The architecture of St Mary's Church in Stadtilm combines elements of both the Romanesque and the Gothic style.

The massive double tower façade dominating the building was erected in several construction phases. The ground floor has a round-arched columned portal in the style of the Cistercian churches and shows on both sides of the stepped vaulting each three columns on bases with corner leaves and early-Gothic bud capitals on the right and tendril capitals on the left from the time after 1220.

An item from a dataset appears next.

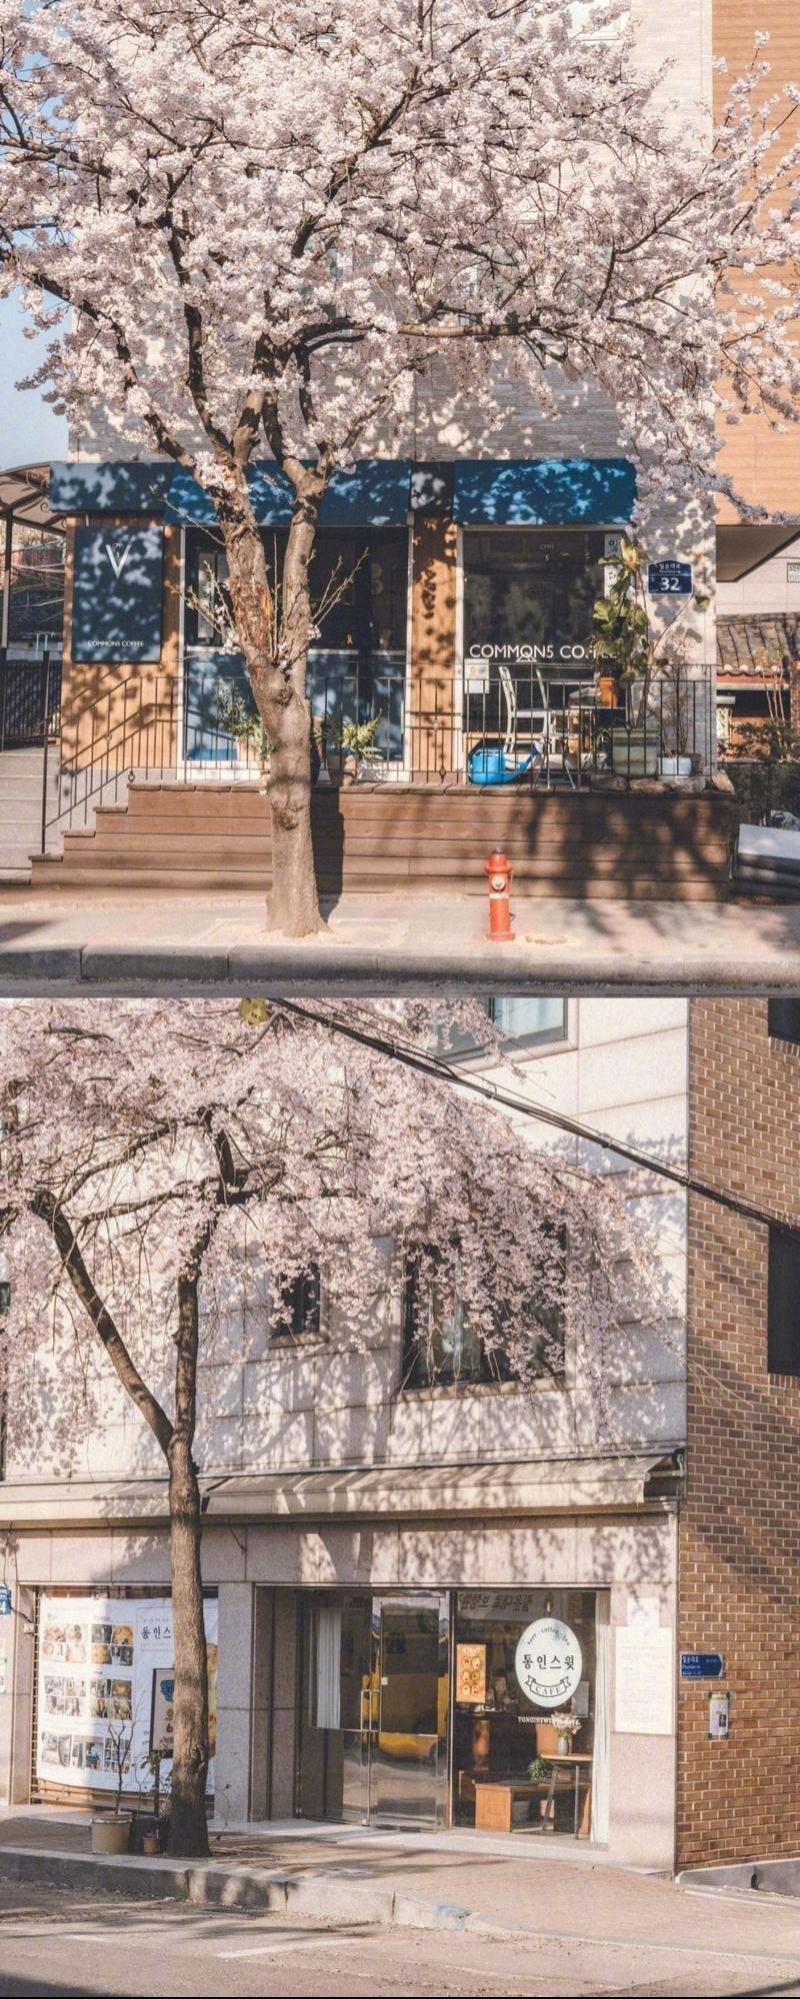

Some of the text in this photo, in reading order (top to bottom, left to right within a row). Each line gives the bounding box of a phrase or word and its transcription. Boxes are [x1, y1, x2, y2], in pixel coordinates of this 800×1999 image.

The upper storeys of the towers date from the middle of the 14th century and show a storey division by double round-arched frieze and cornice, framed by vertically accentuating corner pilasters. The elaborately designed windows are partly trefoil-shaped with inserted small pillars and corner columns. The top storey was completed in the late 14th century and has three-light traceried windows on all sides, crowned by soaring wimpergs, as well as pinnacles at the tower corners. Both towers are finished with pyramidal stone spires and cross-flower finials.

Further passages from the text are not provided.